The beautification work of 8-km stretch from Dhaula Kuan to IGI airport is expected to be completed by November end, ahead of the first visit by an official delegation associated with the G-20 Summit, sources said on Tuesday.
India will assume the Presidency of the influential group for a year from December 1, 2022, to November 30, 2023.
The visiting officials, delegations and heads of state or governments for the forthcoming G-20 Summit, and millions of visitors and tourists to Delhi will be able to view the city with an entirely different perspective, they said.
“The makeover and beautification work on the road from IGI airport to Dhaula Kuan and beyond on Sardar Patel Marg, being personally supervised on a weekly basis by Lt Governor V K Saxena, is going on as per the schedule,” said sources.
“It is expected to be completed by the end of November, well in advance of the first visit by an official delegation related to the G-20 summit on December 1,” a source at the Raj Niwas said.
Similar aesthetic upgrading projects in several other parts of the city will be undertaken in a phased manner, officials had said in late August.

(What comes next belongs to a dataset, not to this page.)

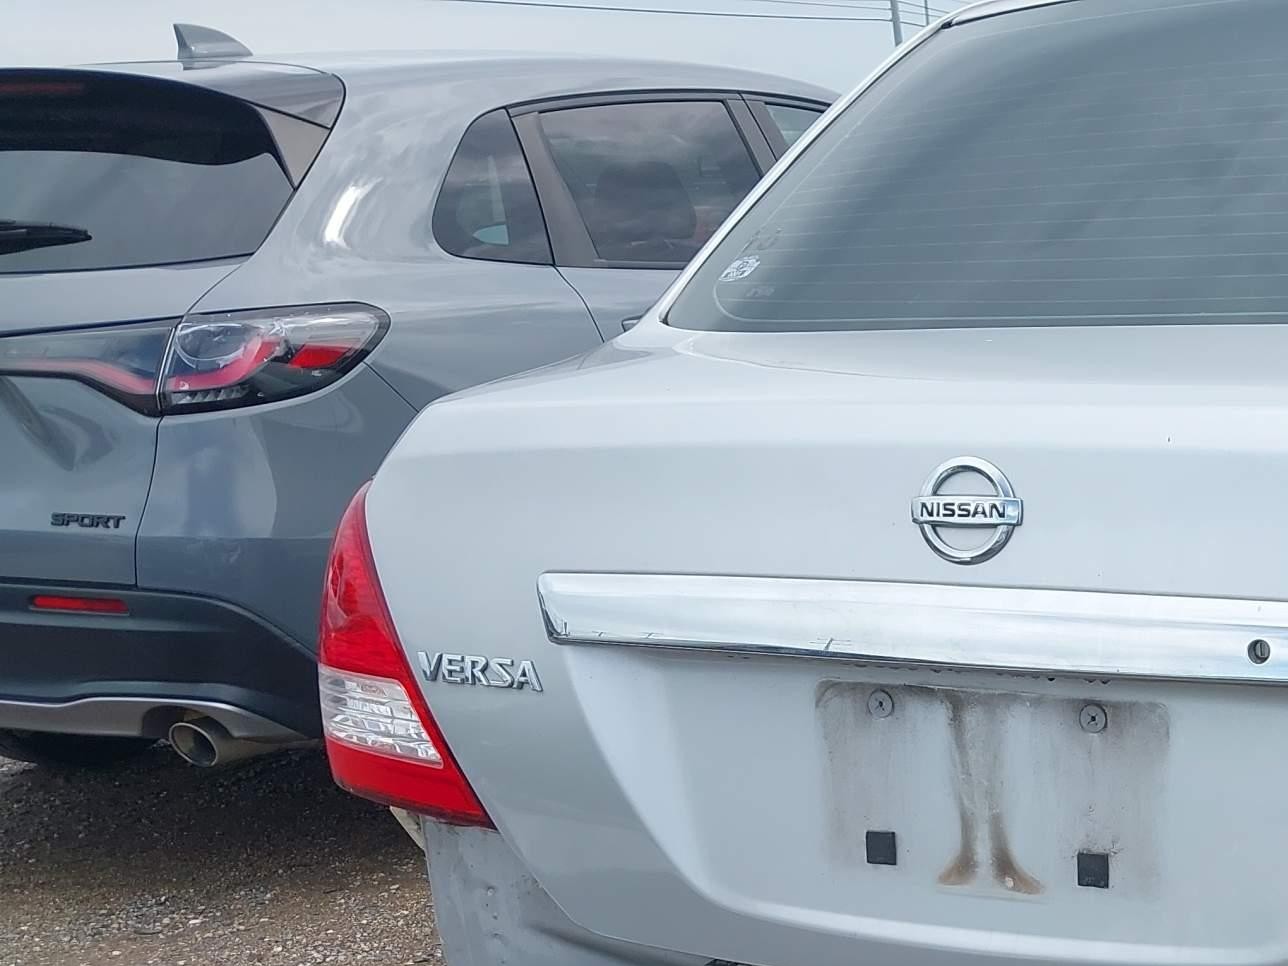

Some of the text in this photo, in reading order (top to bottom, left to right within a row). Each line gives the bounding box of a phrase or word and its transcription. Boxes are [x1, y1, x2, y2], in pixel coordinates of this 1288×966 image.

[919, 501, 1006, 519] NISSAN
[51, 512, 126, 530] SPORT
[417, 651, 544, 692] VERSA

Saxena, who had visited the stretch along with officials right on the day of assuming office as the LG, had put forth a comprehensive makeover plan and has since been personally monitoring it by visiting the location every Sunday, interacting with labourers among others to ensure timely and effective implementation. He has since visited the site on 19 different occasions, sources said.
The makeover plan, which includes aesthetic upgrading of the stretch by way of uniform colour patterns on flyovers and foot over bridges, horticultural overhaul through flowering plants to achieve a stepped three-coloured pattern, general cleanliness and symmetric installation of fountains and big-sized lion statues, is almost complete, they said.
The works completed so far in “record time” include covering of open drains, overall sprucing up of the stretch by repairing the pavements, central verges and dividers, planting 30,000 seasonal flowers or plants and “painting flyovers in a new red and white colour scheme instead of the earlier black and white with approval of the CRRI (Central Road Research Institute), the source said.
It also includes the installation of aesthetically designed view cutters with ‘Charkha’ and ‘Azadi Ka Amrit Mahotsav’ (AKAM) logos at different locations, the source said.
In steps that would affect long-term landscape changes, eight lion statues (six 6ft-high of white marble of two tonnes each, and two of the 13-ft height of black stone (weighing 14 MT each) and nine fountains of 11 ft each are being installed at different locations, they said.